Material to process
+---+

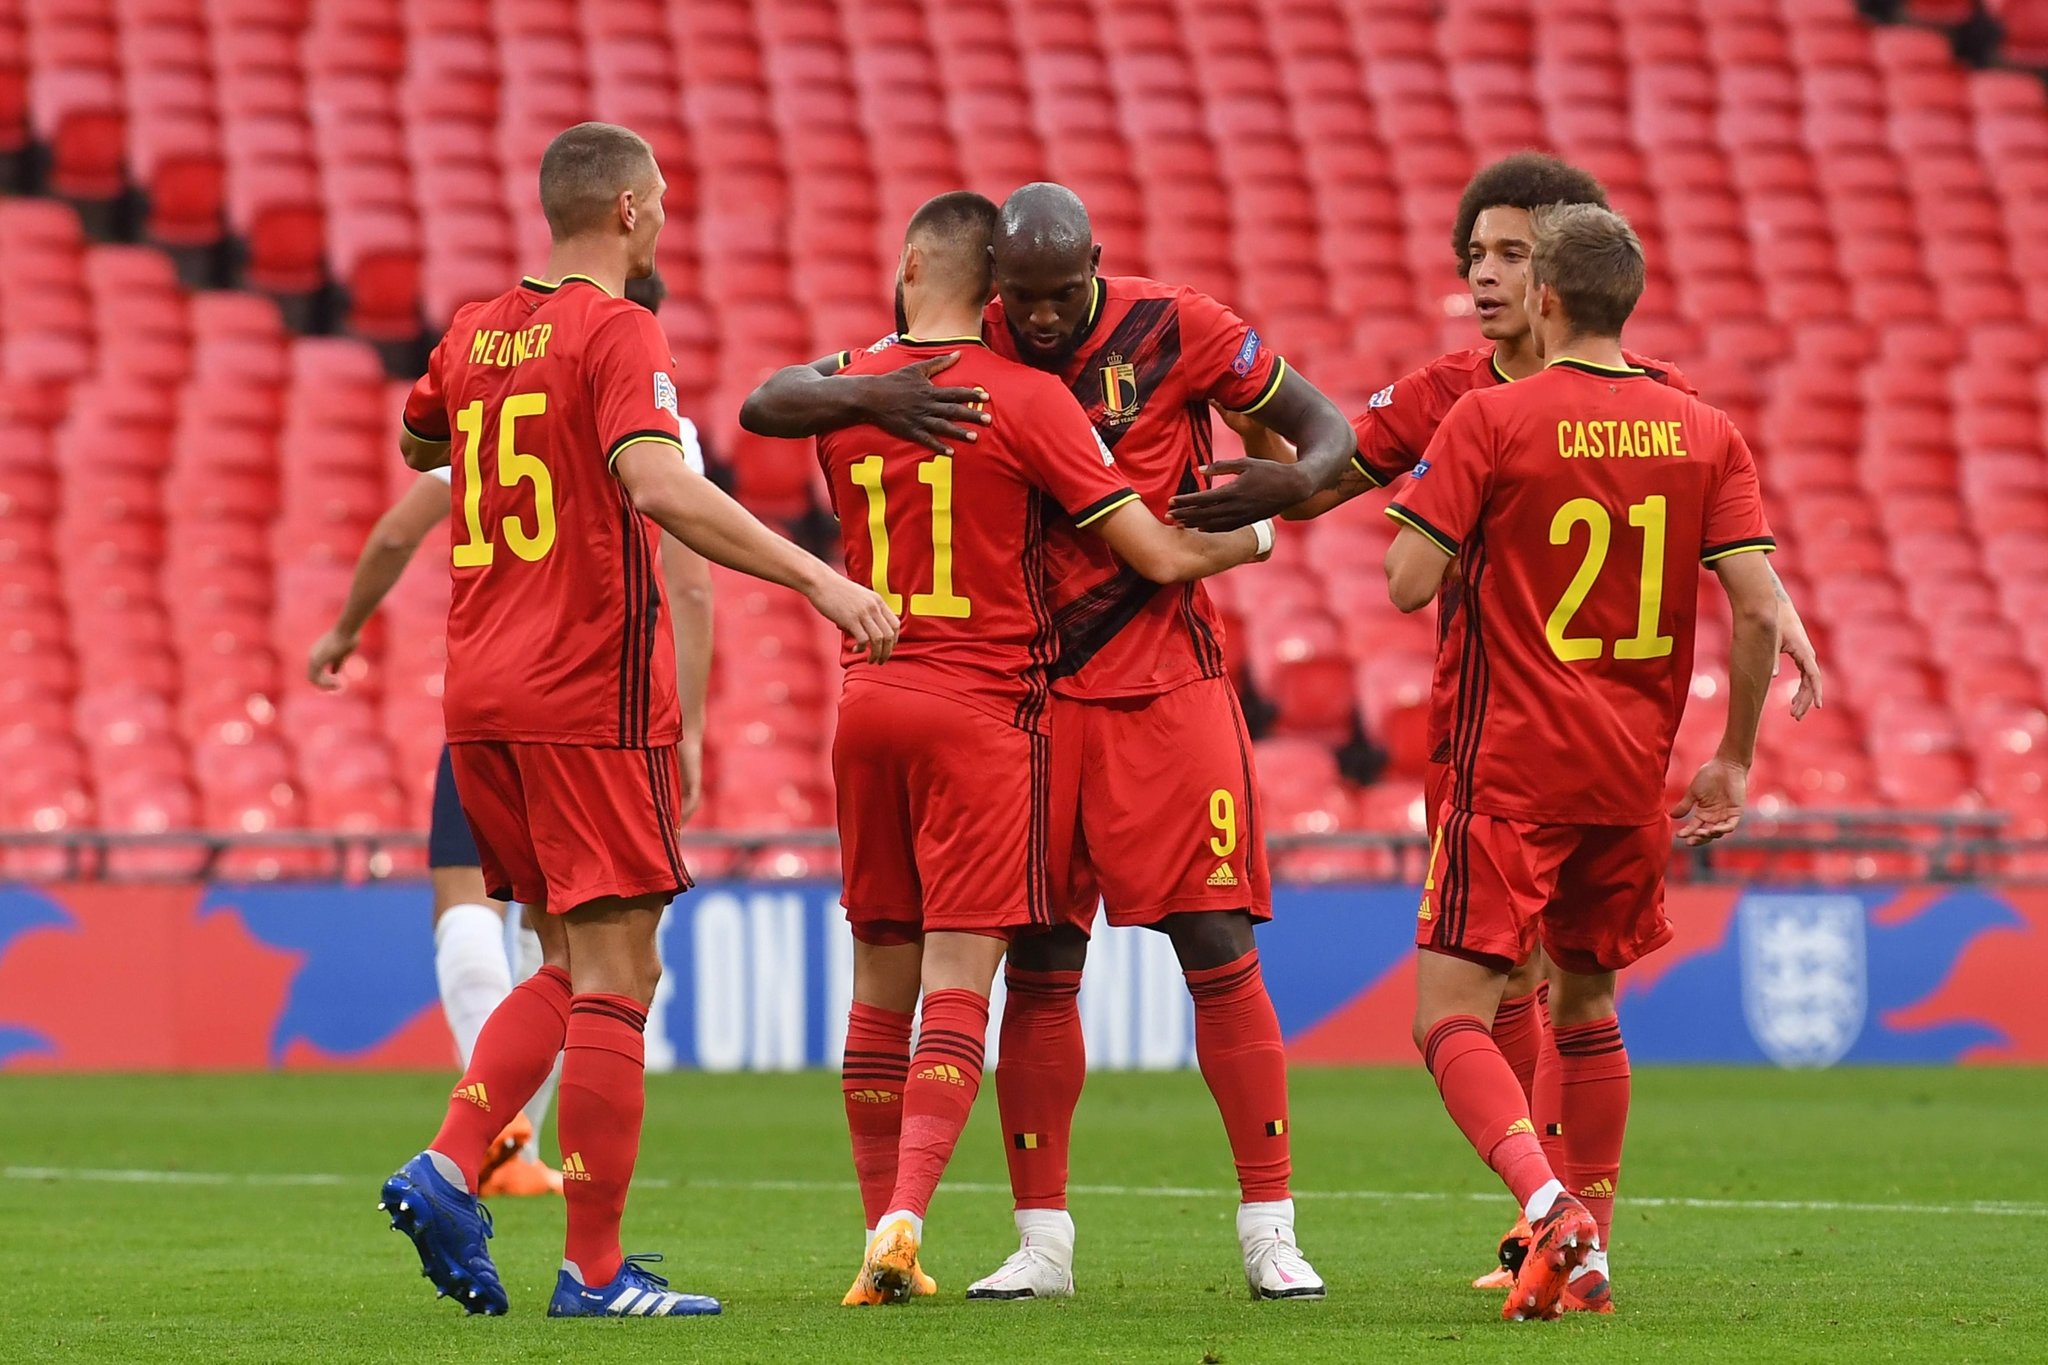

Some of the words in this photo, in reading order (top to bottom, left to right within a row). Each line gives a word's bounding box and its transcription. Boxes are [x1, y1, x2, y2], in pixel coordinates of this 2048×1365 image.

[468, 323, 553, 367] MEUNER
[1557, 420, 1687, 458] CASTAGNE
[452, 392, 556, 567] 15
[850, 455, 971, 619] 11
[1545, 494, 1674, 662] 21
[1209, 788, 1237, 857] 9
[1206, 877, 1239, 886] adidas
[850, 1091, 899, 1103] adidas
[917, 1072, 966, 1087] adidas
[452, 1092, 491, 1112] adidas

+---+

Exercise
Copy out all of the material exactly as written, without its pictures.

Written answer
Some of the words in this photo, in reading order (top to bottom, left to right within a row). Each line gives a word's bounding box and its transcription. Boxes are [x1, y1, x2, y2], in pixel coordinates of this 2048×1365 image.

[468, 323, 553, 367] MEUNER
[1557, 420, 1687, 458] CASTAGNE
[452, 392, 556, 567] 15
[850, 455, 971, 619] 11
[1545, 494, 1674, 662] 21
[1209, 788, 1237, 857] 9
[1206, 877, 1239, 886] adidas
[850, 1091, 899, 1103] adidas
[917, 1072, 966, 1087] adidas
[452, 1092, 491, 1112] adidas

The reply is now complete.